▶ _YOUR INSTRUCTIONS_
Give the data below again exactly as it stands. Omit the pictures.

(Data records)
—————

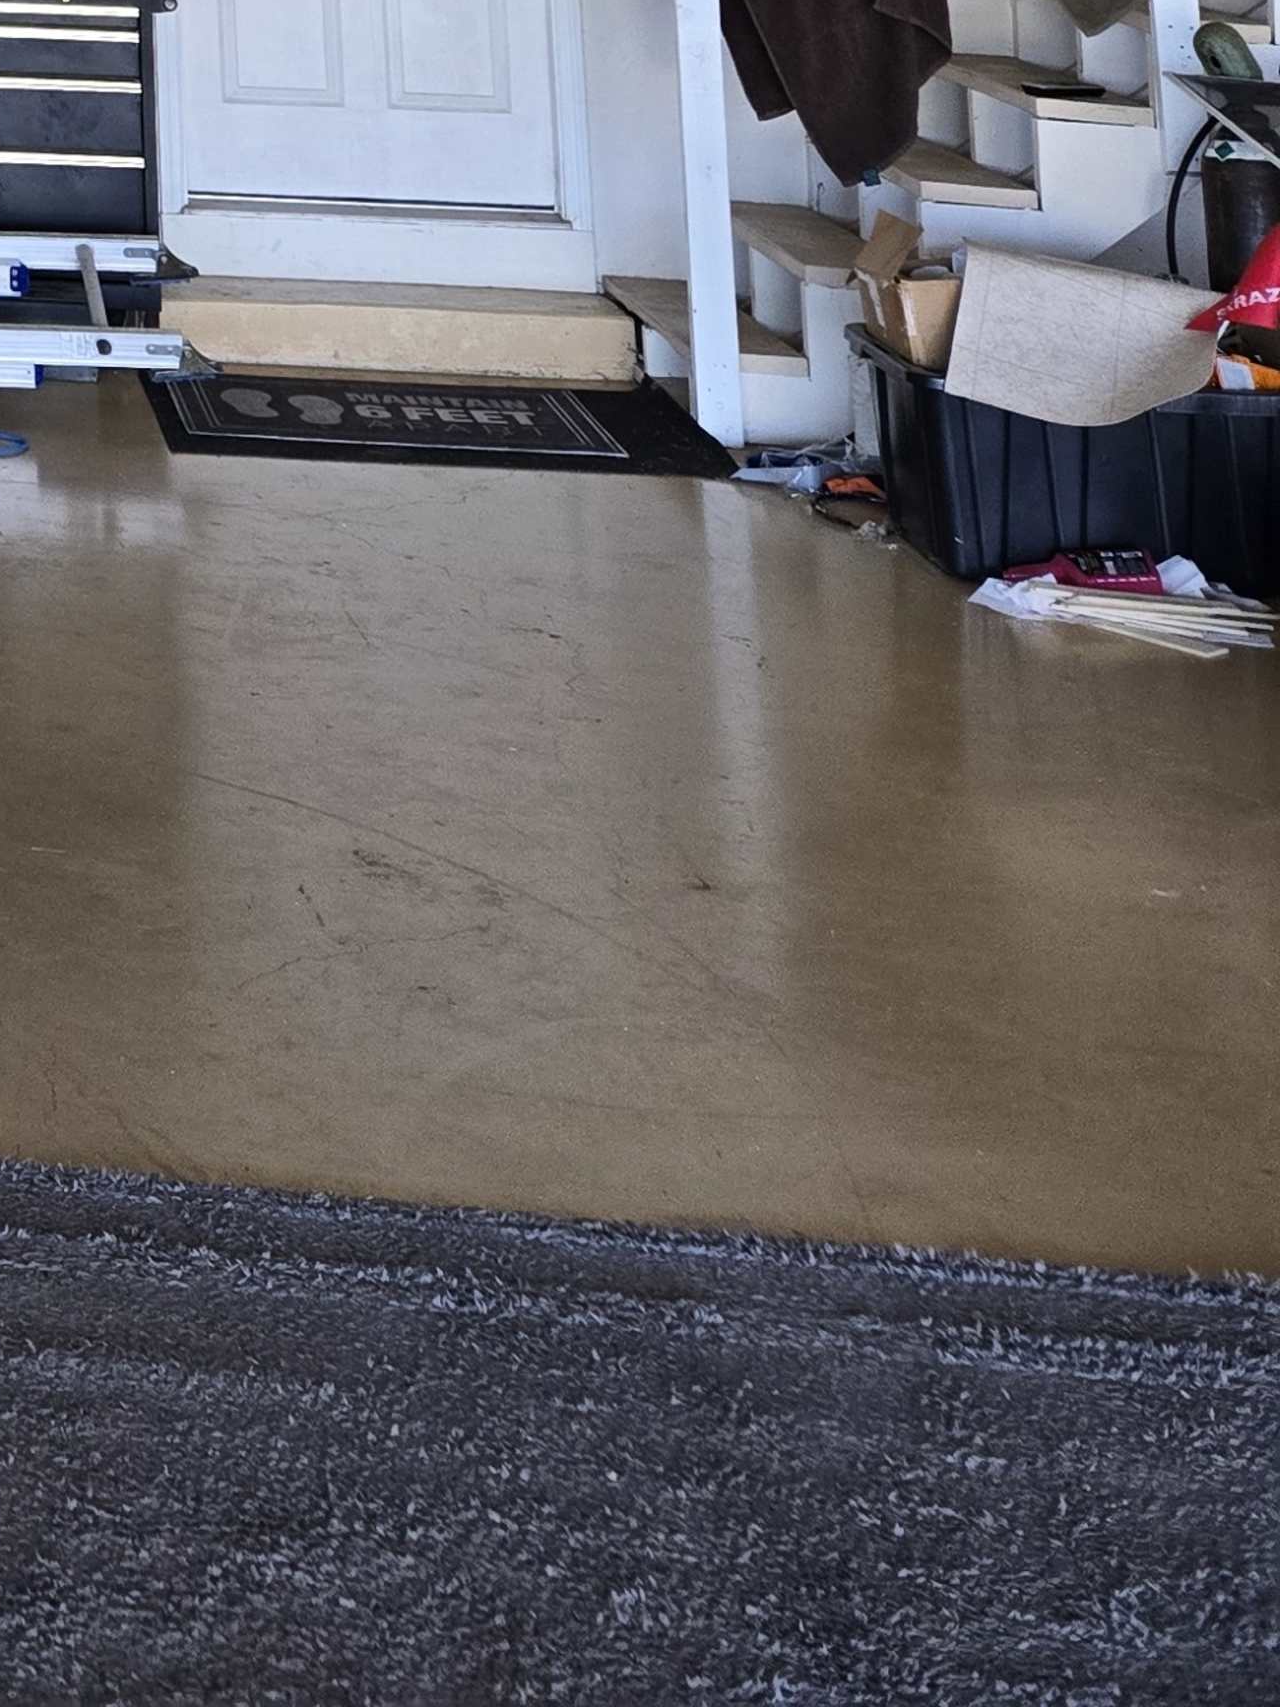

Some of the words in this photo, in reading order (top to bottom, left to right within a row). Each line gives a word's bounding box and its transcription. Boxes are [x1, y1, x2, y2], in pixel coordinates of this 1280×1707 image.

[344, 392, 529, 410] MAINTAIN
[354, 404, 392, 419] 6
[401, 406, 535, 426] FEET
[368, 419, 544, 436] APART

—————

▶ _SOLVED PROBLEM_
Some of the words in this photo, in reading order (top to bottom, left to right within a row). Each line gives a word's bounding box and its transcription. Boxes are [x1, y1, x2, y2], in pixel coordinates of this 1280×1707 image.

[344, 392, 529, 410] MAINTAIN
[354, 404, 392, 419] 6
[401, 406, 535, 426] FEET
[368, 419, 544, 436] APART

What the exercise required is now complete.